• **Exercise details**:
Output every record exactly, apart from its images.

==== Records shown

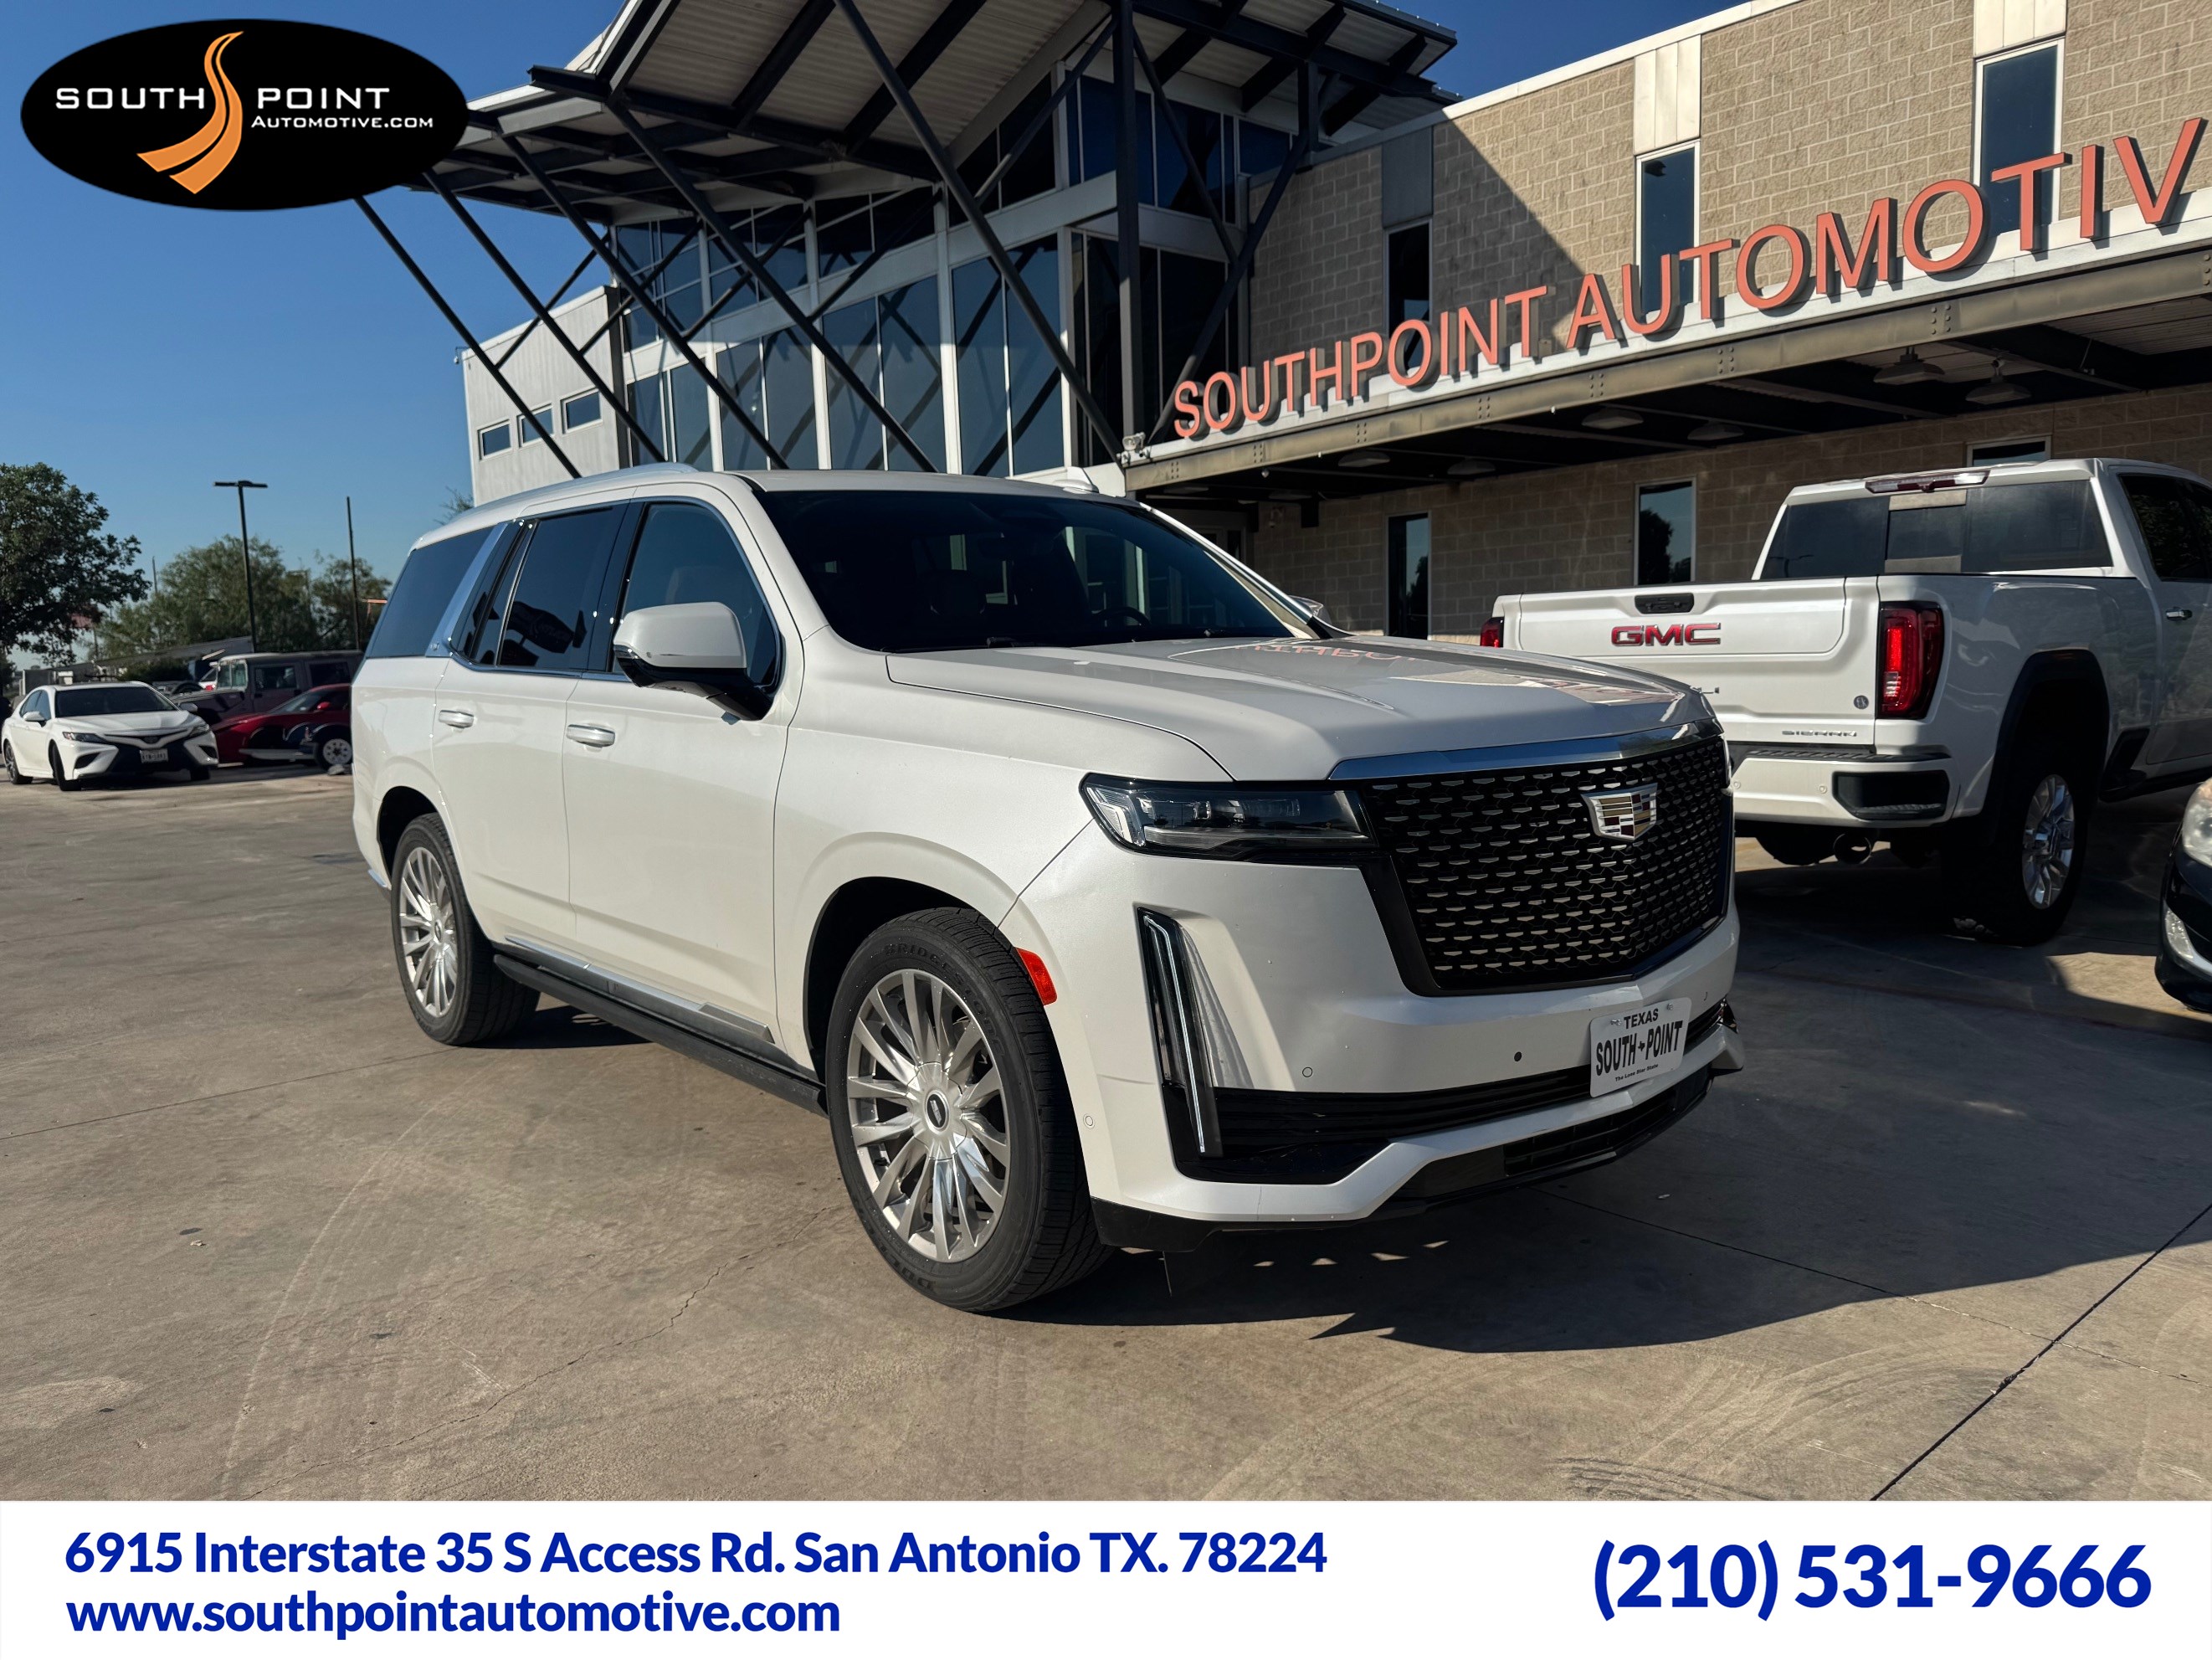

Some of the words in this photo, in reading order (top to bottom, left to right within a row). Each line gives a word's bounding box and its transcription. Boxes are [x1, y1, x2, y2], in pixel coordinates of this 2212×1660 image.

[1173, 285, 1547, 438] SOUTHPOINT
[1565, 117, 2208, 348] AUTOMOTIV
[1611, 623, 1721, 646] GMC
[1624, 1008, 1659, 1030] TEXAS
[1595, 1032, 1638, 1077] SOUTH
[1645, 1020, 1684, 1061] POINT
[1646, 1063, 1659, 1072] State
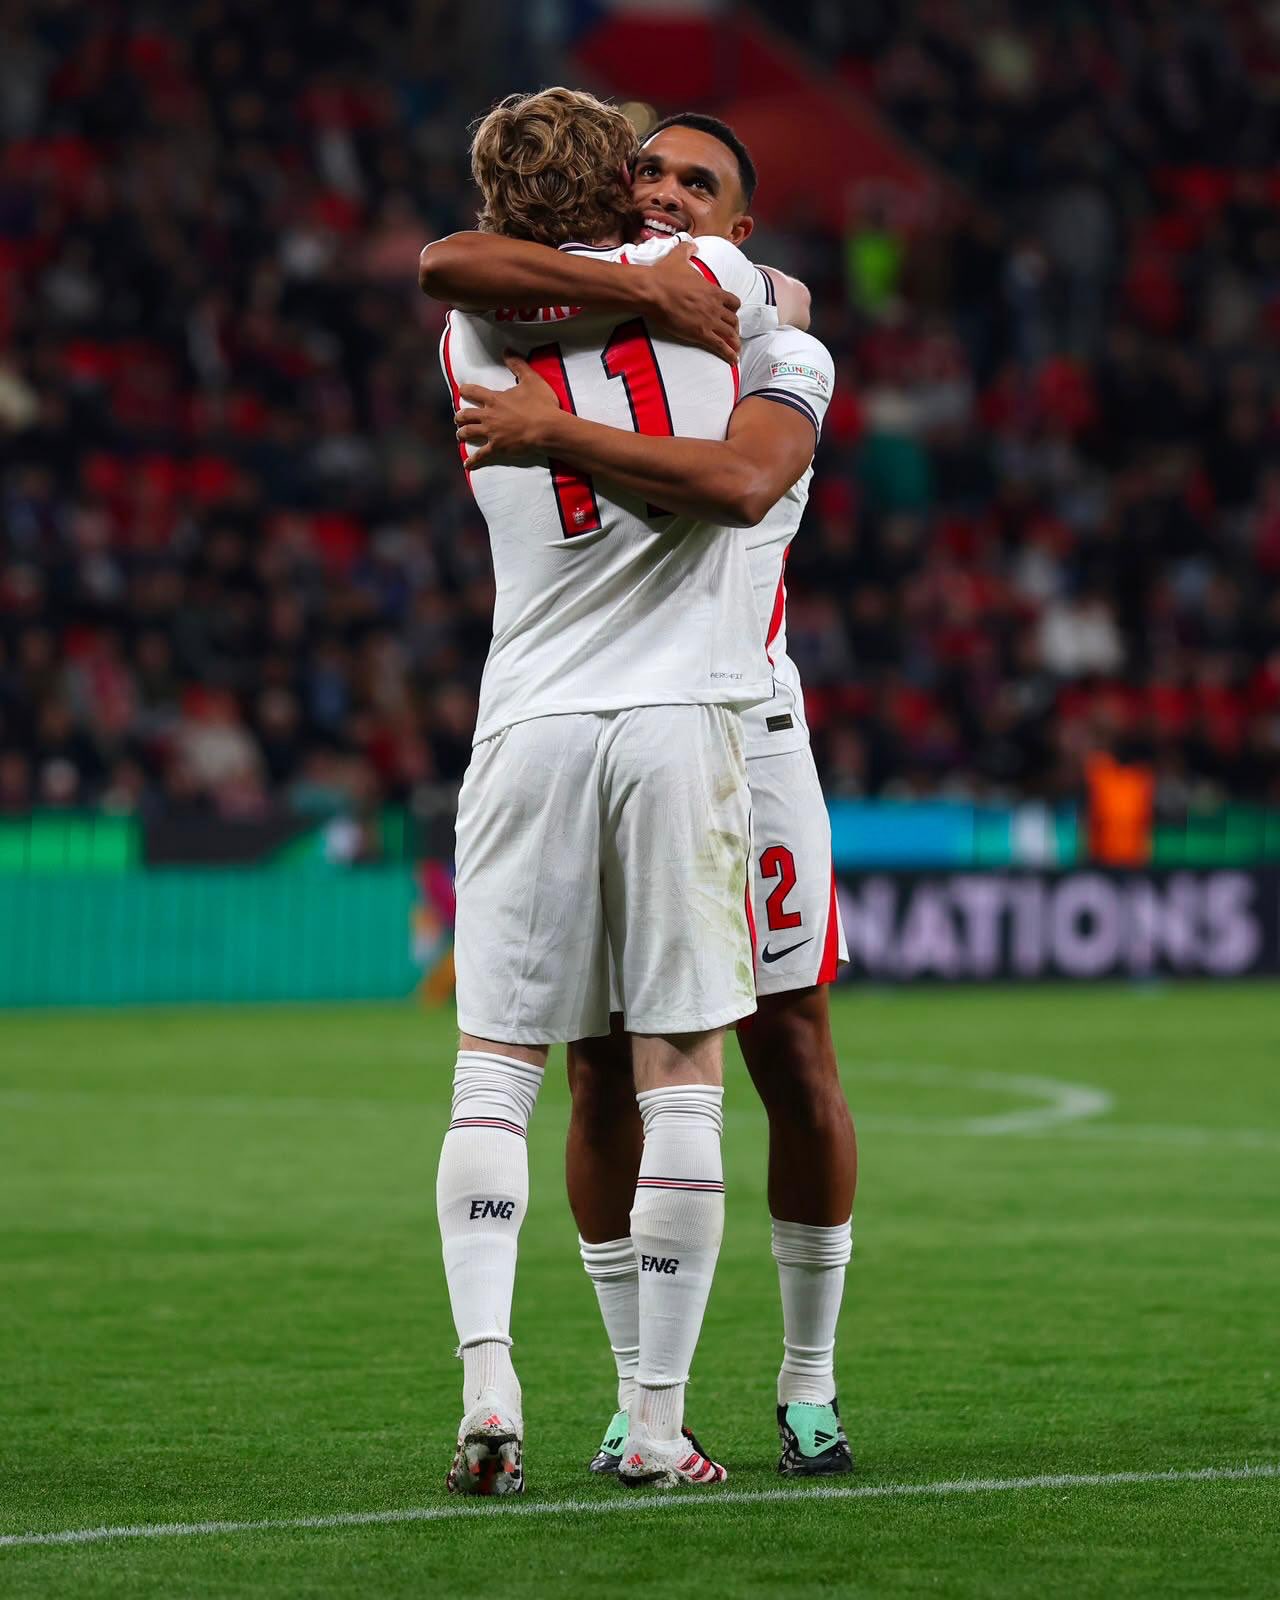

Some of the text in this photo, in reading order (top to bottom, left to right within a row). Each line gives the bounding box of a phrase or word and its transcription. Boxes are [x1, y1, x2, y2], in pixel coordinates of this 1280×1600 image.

[516, 317, 675, 539] 11
[759, 845, 802, 931] 2
[838, 872, 1261, 977] NATIONS
[469, 1200, 516, 1220] ENG
[641, 1255, 680, 1275] ENG

========

• **Answer box**:
Some of the words in this photo, in reading order (top to bottom, left to right within a row). Each line gives a word's bounding box and its transcription. Boxes are [x1, y1, x2, y2], in pixel coordinates of this 2212×1660 image.

[1173, 285, 1547, 438] SOUTHPOINT
[1565, 117, 2208, 348] AUTOMOTIV
[1611, 623, 1721, 646] GMC
[1624, 1008, 1659, 1030] TEXAS
[1595, 1032, 1638, 1077] SOUTH
[1645, 1020, 1684, 1061] POINT
[1646, 1063, 1659, 1072] State

Some of the text in this photo, in reading order (top to bottom, left to right within a row). Each line gives the bounding box of a phrase or word and its transcription. Boxes are [x1, y1, x2, y2], in pixel coordinates of this 1280×1600 image.

[516, 317, 675, 539] 11
[759, 845, 802, 931] 2
[838, 872, 1261, 977] NATIONS
[469, 1200, 516, 1220] ENG
[641, 1255, 680, 1275] ENG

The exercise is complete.